[This message was shared this morning with the people of Friendship Church. The three major lessons extracted from the Romans passage which I talk about here are taken from a message written by Pastor Billy Compton and appearing in the Abingdon Preacher's Annual 2004. They distill the passage well.]
Years ago---long before most of the members of Friendship were born---the late Peggy Lee wrote and recorded a song called, Is That All There Is? The words are so depressing, you'd swear it was a country song. It was really sort of a proto-rap tune because the verses were spoken, the chorus and bridge were sung.
The first verse begins with the song's narrator describing a fire that destroys her childhood home. After the flames have died down, her father asks, “Is that all there is?”
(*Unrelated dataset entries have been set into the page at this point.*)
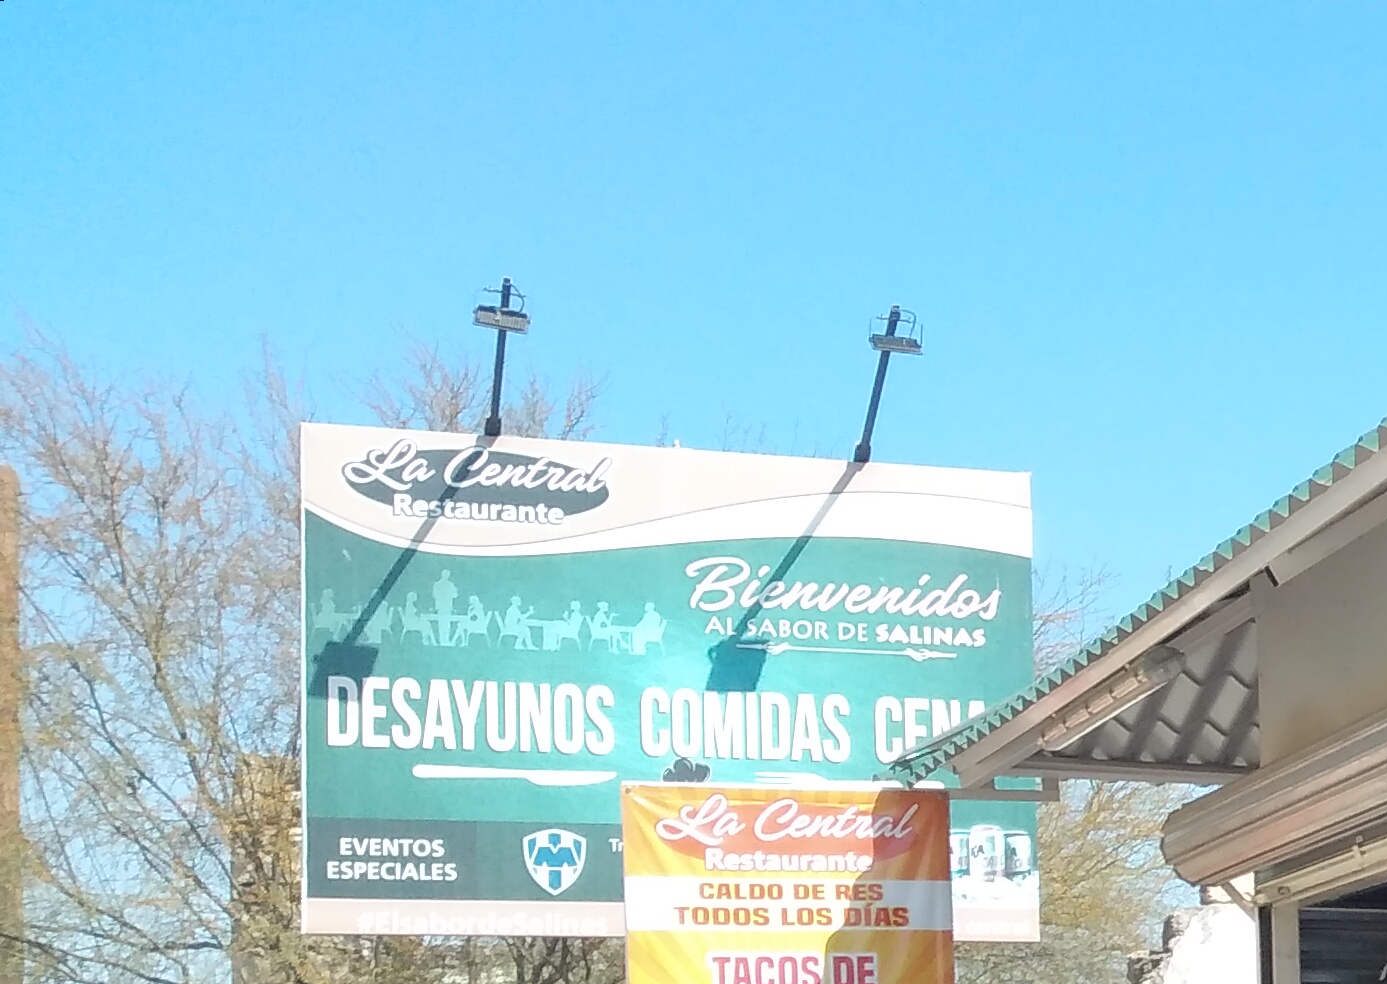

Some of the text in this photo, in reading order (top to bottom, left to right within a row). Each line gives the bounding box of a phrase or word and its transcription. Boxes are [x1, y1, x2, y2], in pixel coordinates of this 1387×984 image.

[344, 440, 612, 494] La Central
[394, 493, 566, 525] Restaurante
[685, 556, 1002, 621] Bienvenidos
[704, 617, 986, 648] AL SABOR DE SALINAS
[326, 676, 986, 764] DESAYUNOS COMIDAS CEN
[656, 794, 919, 845] La Central
[339, 837, 445, 859] EVENTOS
[704, 846, 873, 875] Restaurante
[327, 860, 458, 883] ESPECIALES
[698, 881, 884, 902] CALDO DE RES
[674, 901, 910, 928] TODOS LOS DÍAS
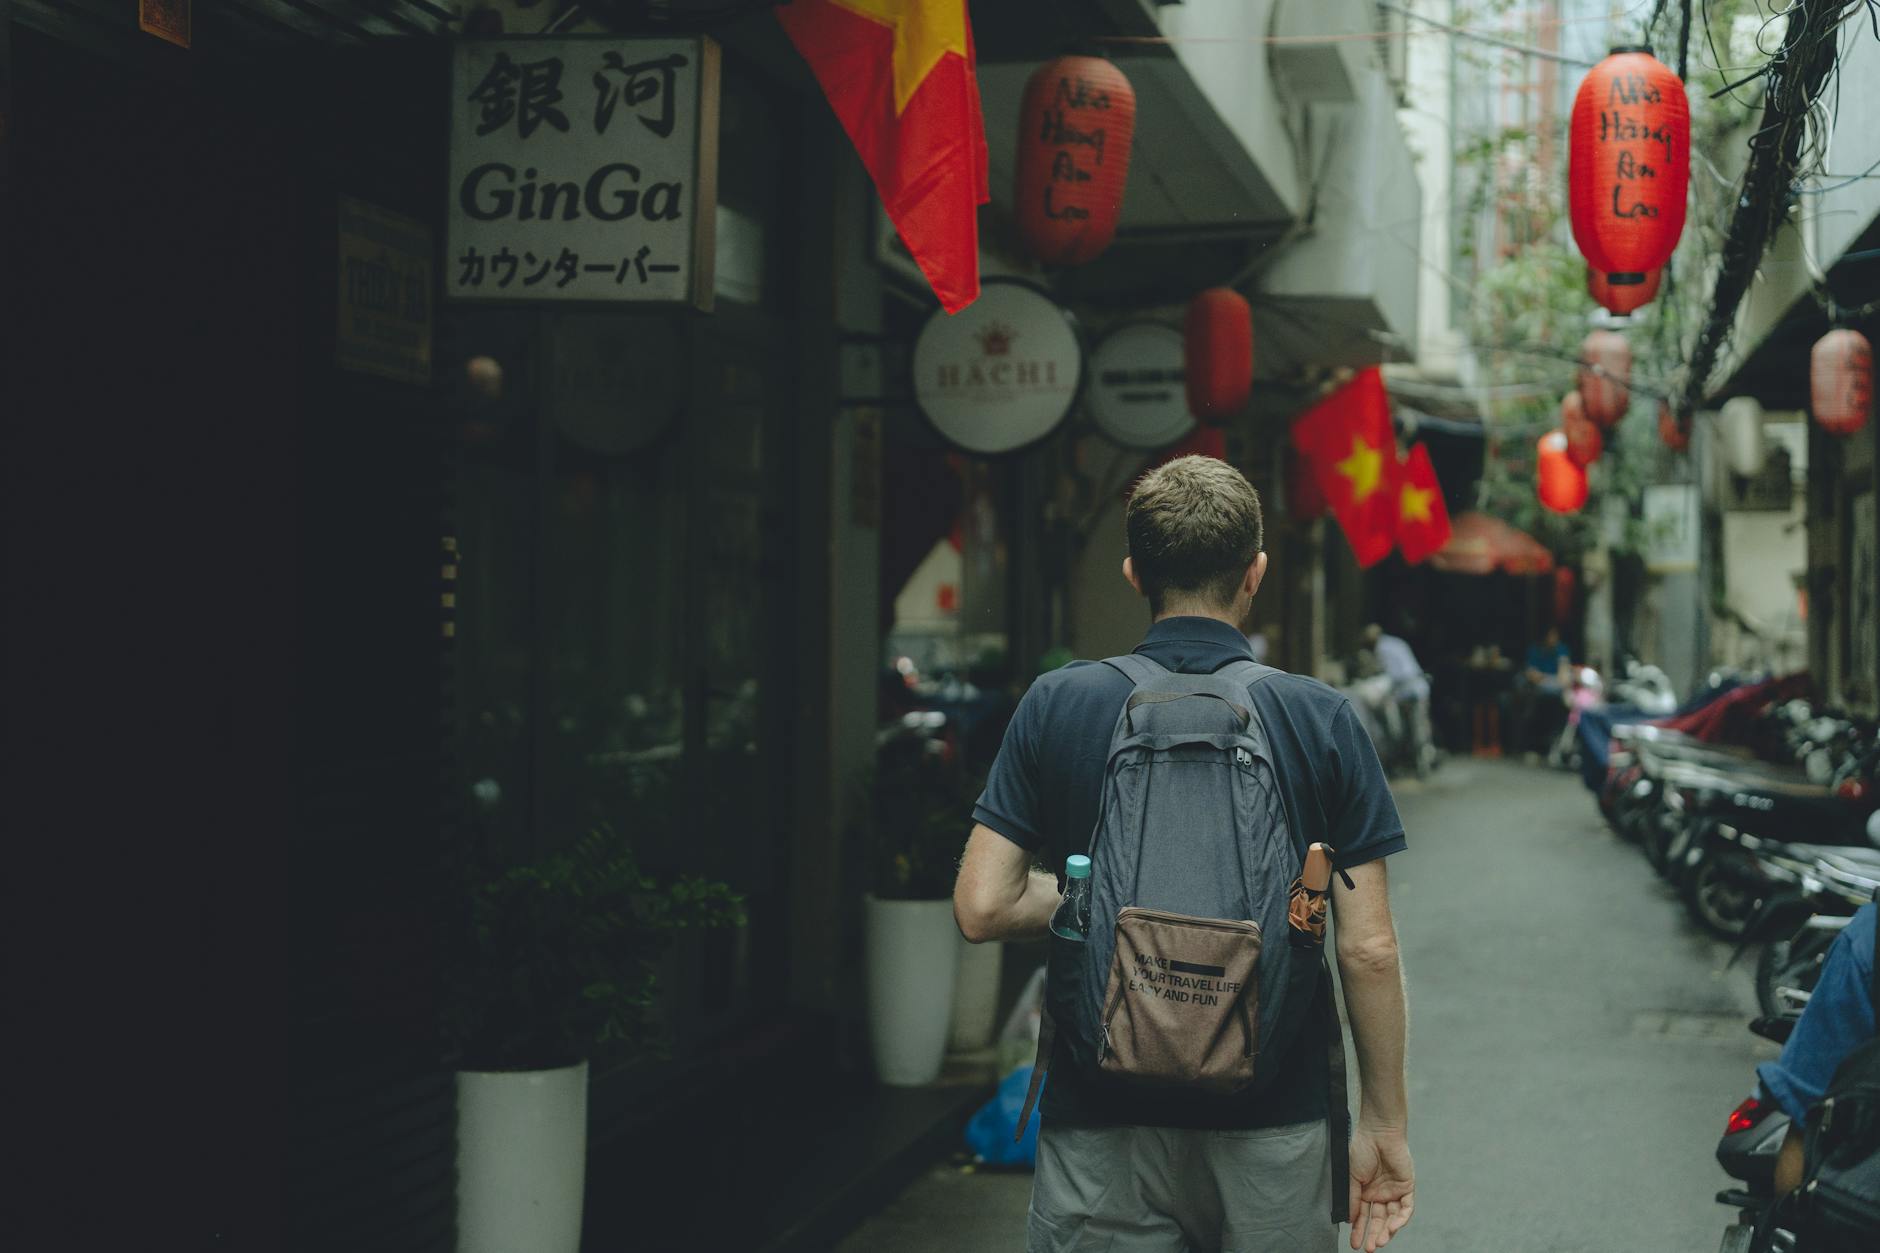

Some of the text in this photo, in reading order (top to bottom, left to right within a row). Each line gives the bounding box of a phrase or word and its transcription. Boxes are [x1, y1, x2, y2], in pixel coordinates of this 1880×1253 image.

[467, 51, 688, 139] 銀河
[460, 162, 682, 221] GinGa
[459, 246, 681, 288] カウンターバー
[938, 361, 1057, 388] HACHI
[1134, 952, 1168, 970] MAKE
[1133, 966, 1241, 993] YOUR TRAVEL LIFE
[1163, 989, 1189, 1003] AND
[1192, 993, 1219, 1007] FUN
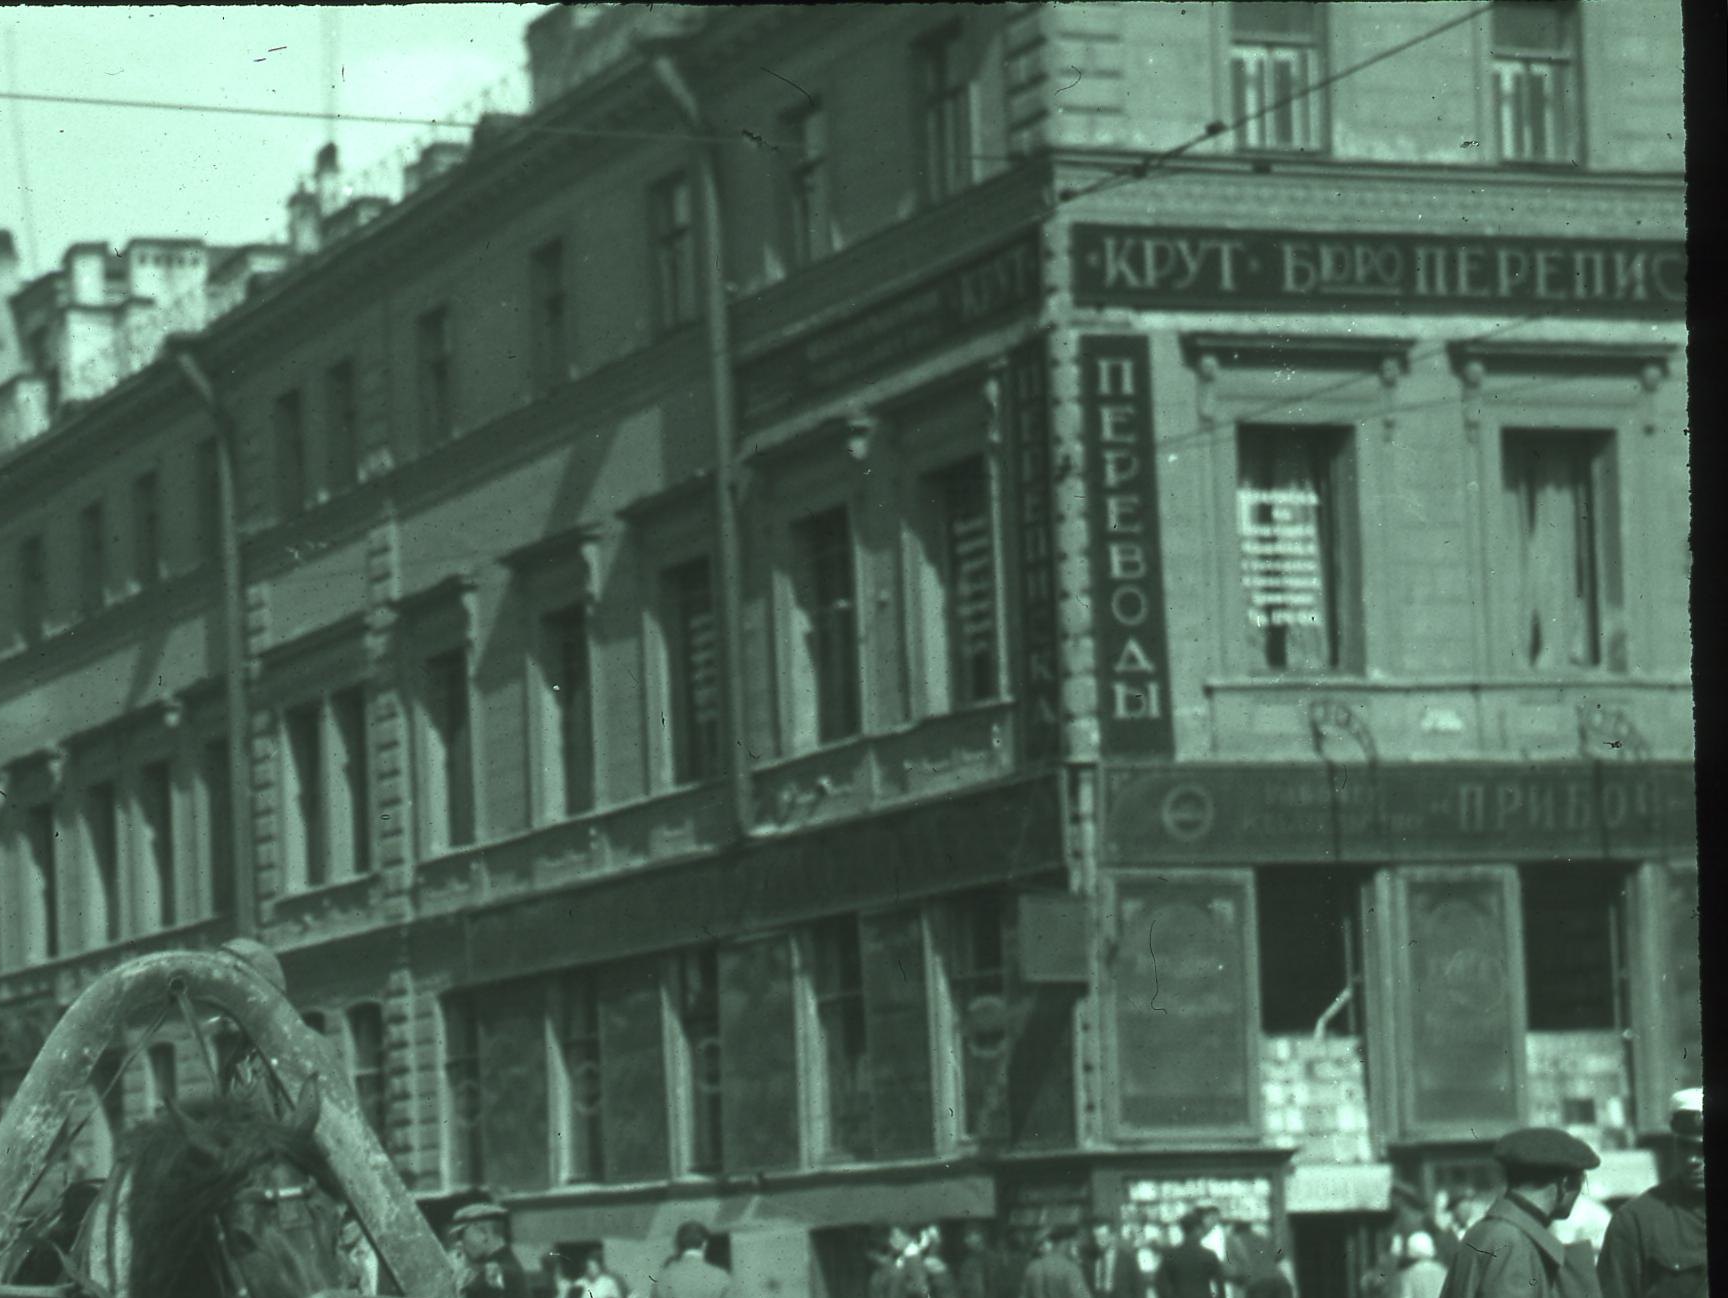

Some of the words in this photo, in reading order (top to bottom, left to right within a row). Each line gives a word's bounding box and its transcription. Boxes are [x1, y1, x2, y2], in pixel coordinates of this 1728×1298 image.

[1102, 236, 1246, 294] КРУТ
[1281, 243, 1403, 296] БЮРО
[1413, 244, 1687, 302] ПЕРЕПИС
[1095, 356, 1161, 721] ПЕРЕВОДЫ
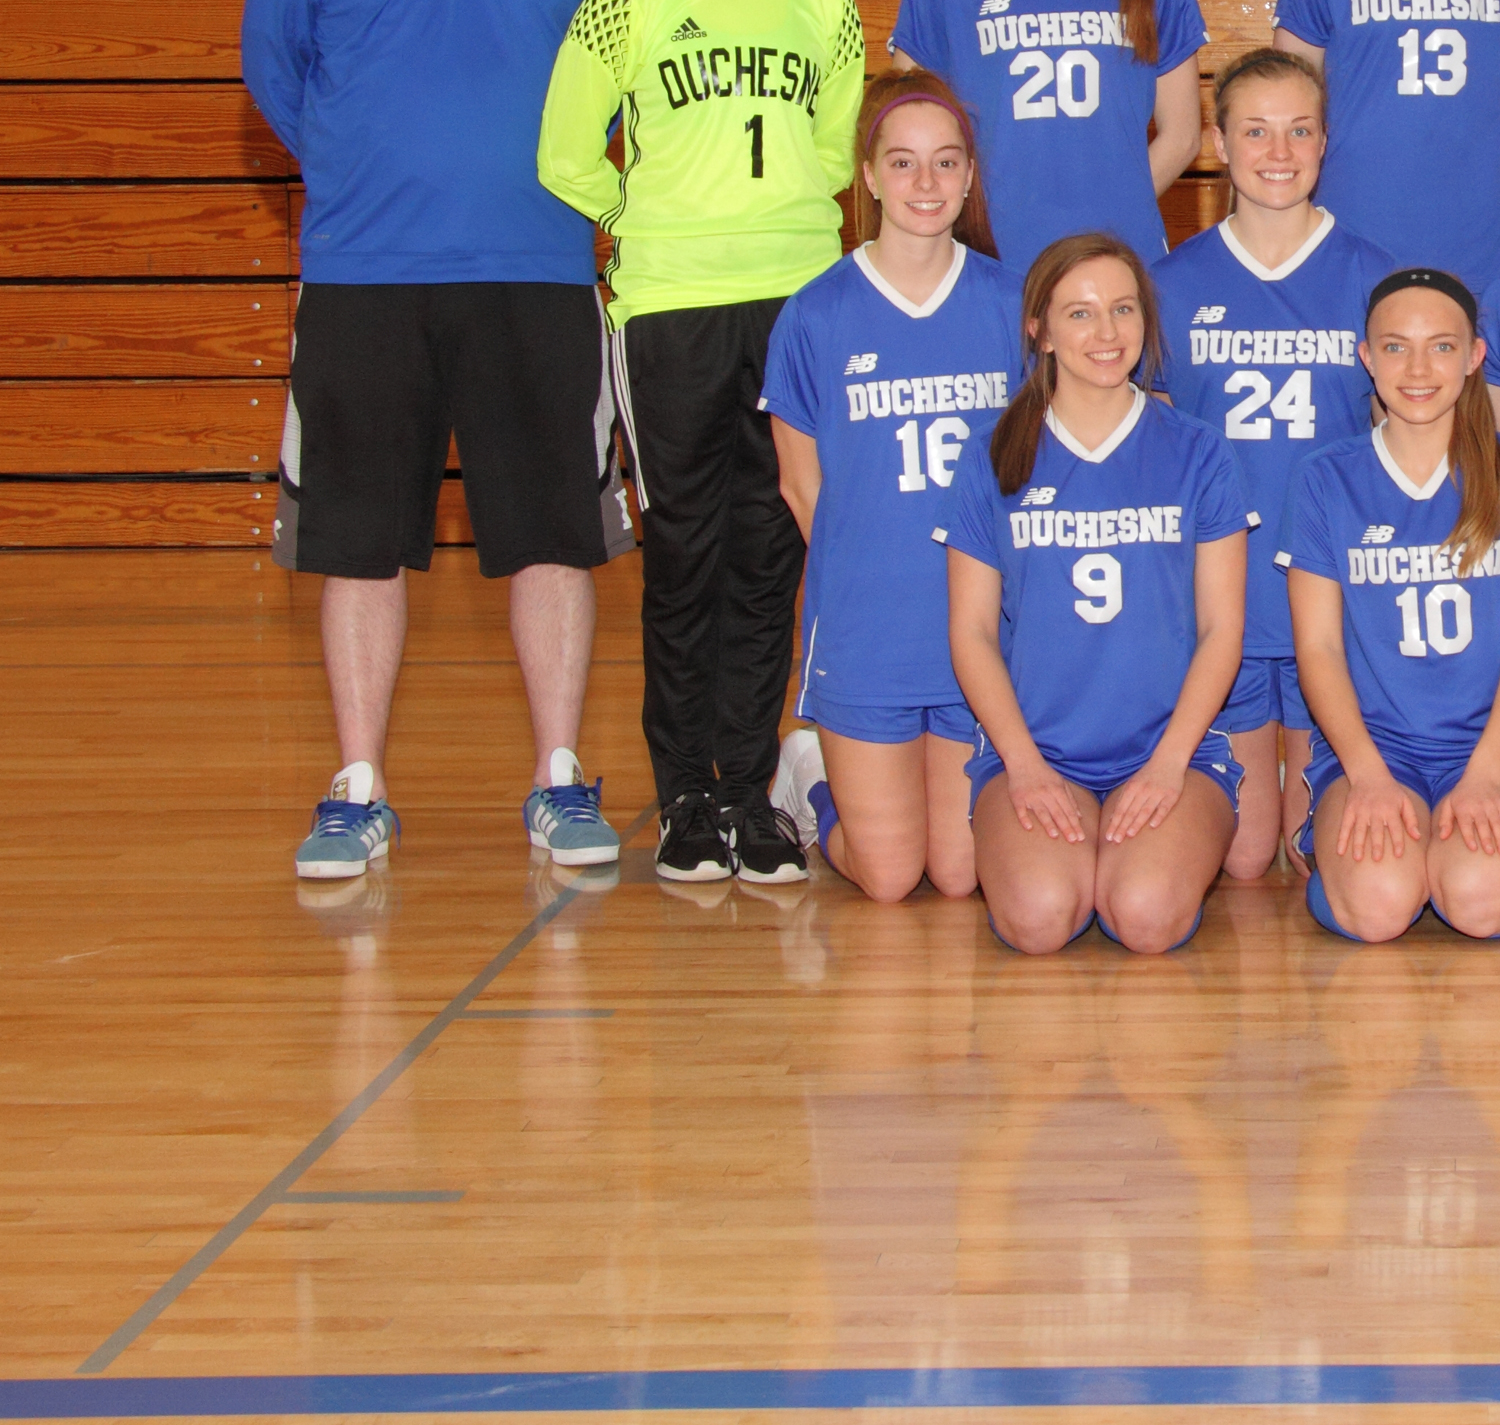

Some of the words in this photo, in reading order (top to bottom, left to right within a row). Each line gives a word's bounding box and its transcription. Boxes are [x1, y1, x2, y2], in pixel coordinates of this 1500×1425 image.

[671, 30, 708, 42] adidas
[1397, 28, 1468, 96] 13
[1009, 50, 1100, 121] 20
[745, 114, 764, 179] 1
[1189, 329, 1357, 367] DUCHESNE
[846, 372, 1009, 421] DUCHESNE
[1224, 369, 1316, 440] 24
[896, 416, 970, 492] 16
[1009, 506, 1183, 549] DUCHESNE
[1072, 552, 1123, 624] 9
[1395, 583, 1473, 657] 10
In the second verse, she goes to a circus and watches the spectacle, but still feels that something is missing. “Is that all there is?” she asks.
Next, she turns to a love that didn’t stand the test of time and is led to ask, “Is that all there is to love?”
Lee’s chorus, drenched in the heartsick worldliness and sensual cynicism that were her trademarks, says, “Is that all there is? Is that all there is? If that’s all there is, my friends, then let’s keep dancing; Let’s break out the booze and have a ball; If that’s all there is.”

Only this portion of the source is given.